Task to complete:
Reproduce the entire listing exactly as written, apart from its pictures.

__________________________________________________

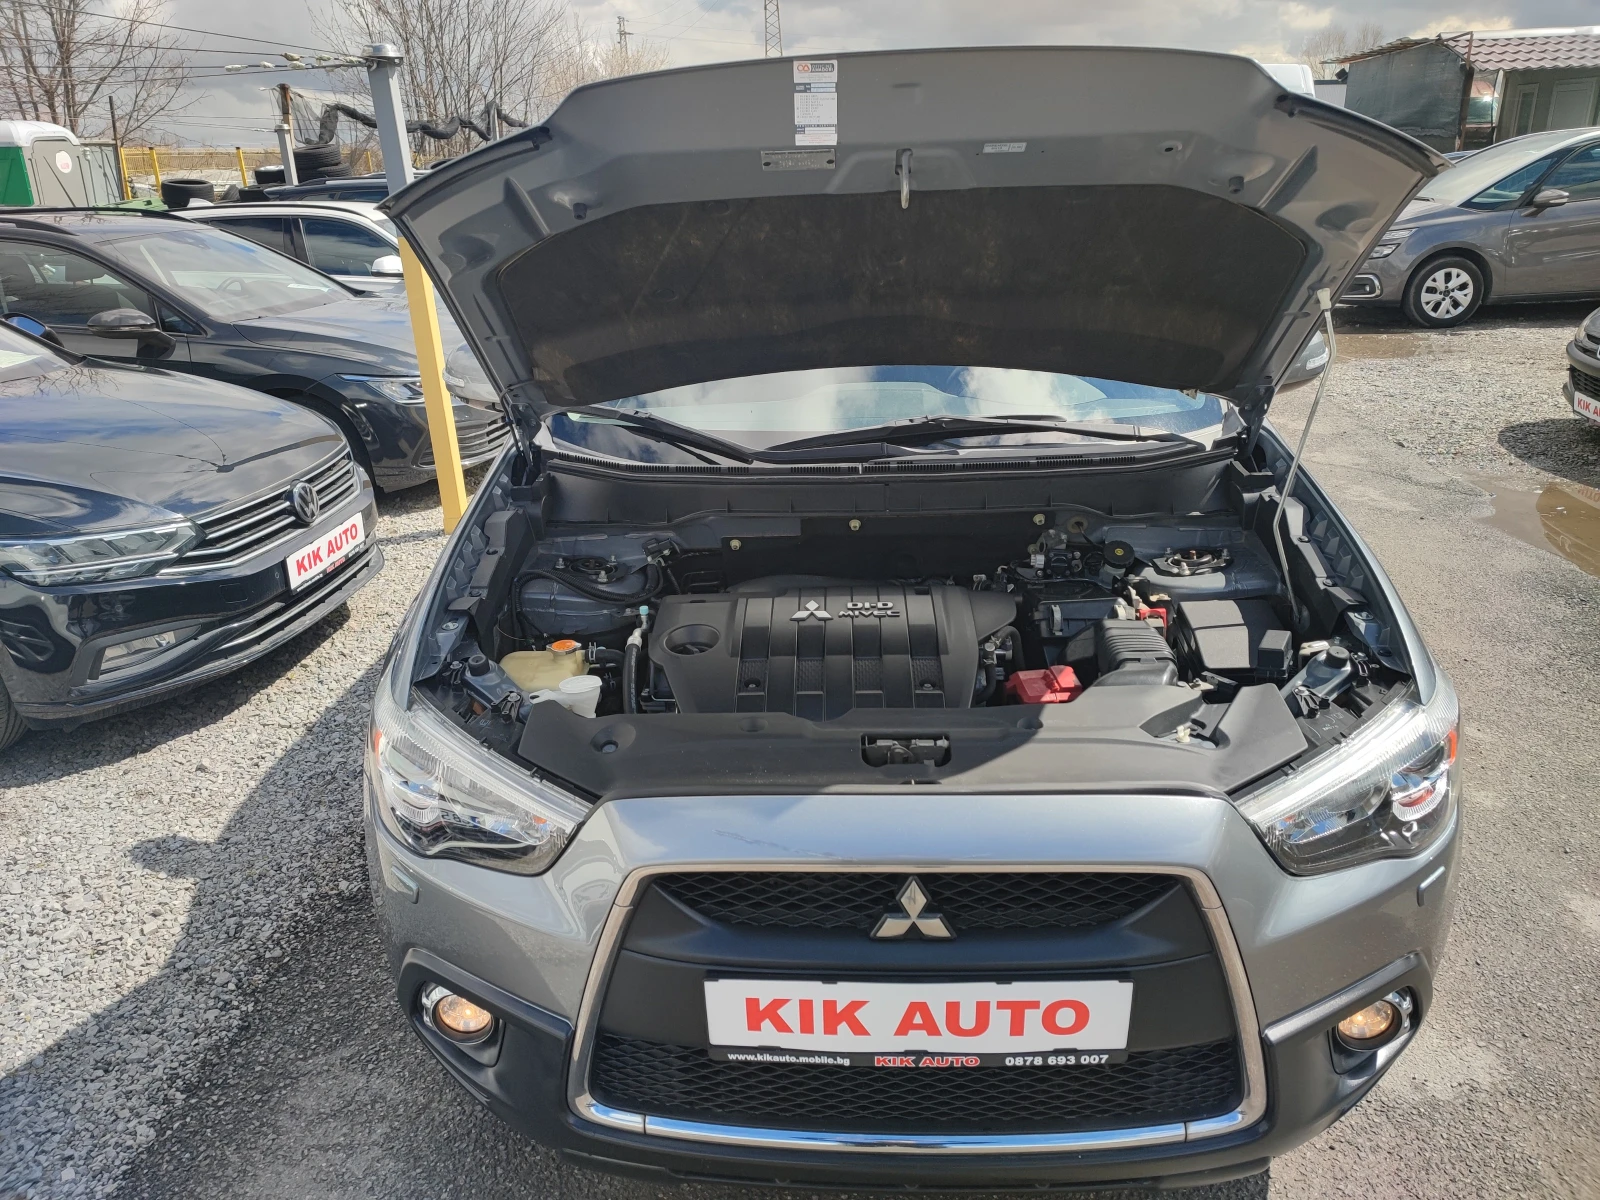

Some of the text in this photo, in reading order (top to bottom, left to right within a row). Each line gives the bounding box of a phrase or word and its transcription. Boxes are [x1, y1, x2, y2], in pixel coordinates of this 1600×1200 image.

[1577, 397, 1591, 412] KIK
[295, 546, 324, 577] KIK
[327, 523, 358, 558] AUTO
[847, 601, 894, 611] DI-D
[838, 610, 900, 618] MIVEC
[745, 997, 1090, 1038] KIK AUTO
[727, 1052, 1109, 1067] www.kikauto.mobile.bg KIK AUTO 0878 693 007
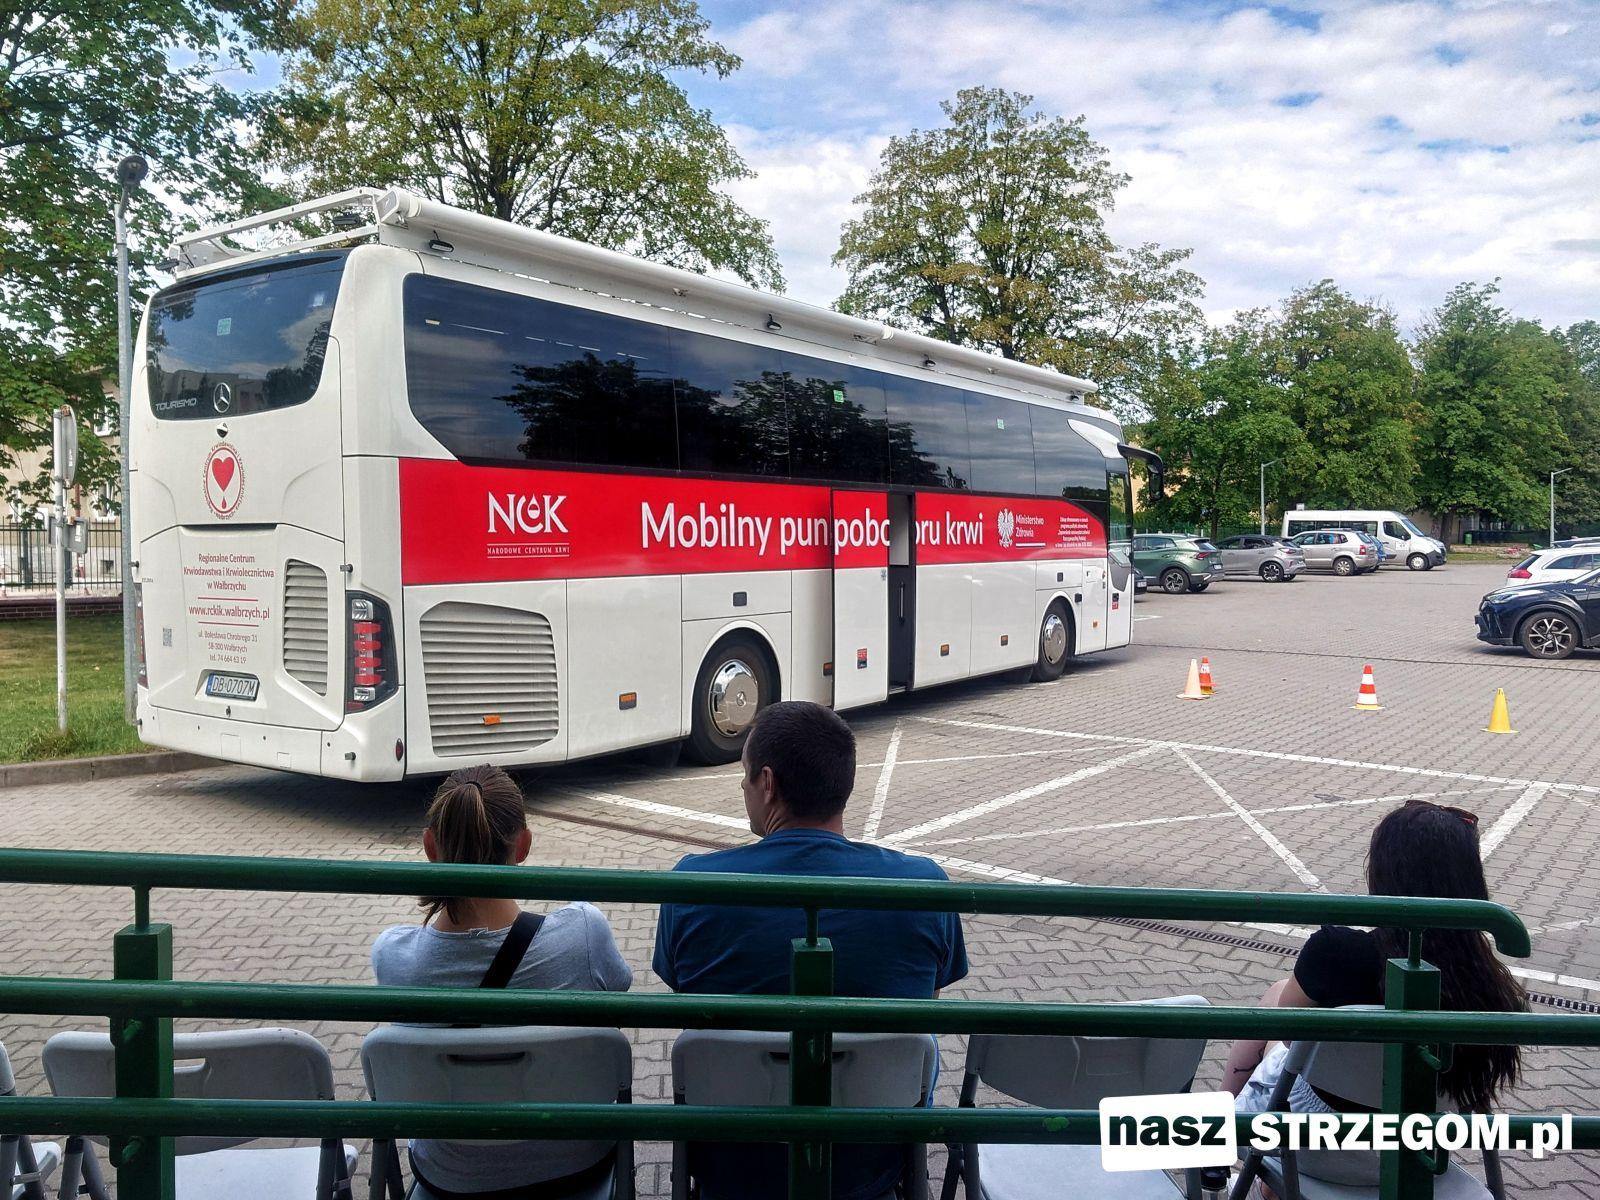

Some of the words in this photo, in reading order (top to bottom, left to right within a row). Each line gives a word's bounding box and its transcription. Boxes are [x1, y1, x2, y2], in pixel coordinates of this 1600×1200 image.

__________________________________________________

Exercise result:
Some of the text in this photo, in reading order (top to bottom, left to right within a row). Each line gives the bounding box of a phrase or word and its transcription. Boxes are [x1, y1, x2, y2], in pixel coordinates of this 1600×1200 image.

[1577, 397, 1591, 412] KIK
[295, 546, 324, 577] KIK
[327, 523, 358, 558] AUTO
[847, 601, 894, 611] DI-D
[838, 610, 900, 618] MIVEC
[745, 997, 1090, 1038] KIK AUTO
[727, 1052, 1109, 1067] www.kikauto.mobile.bg KIK AUTO 0878 693 007

Some of the words in this photo, in reading order (top to bottom, left to right within a row). Each line gives a word's bounding box and its transcription. Boxes are [x1, y1, x2, y2], in pixel coordinates of this 1600×1200 image.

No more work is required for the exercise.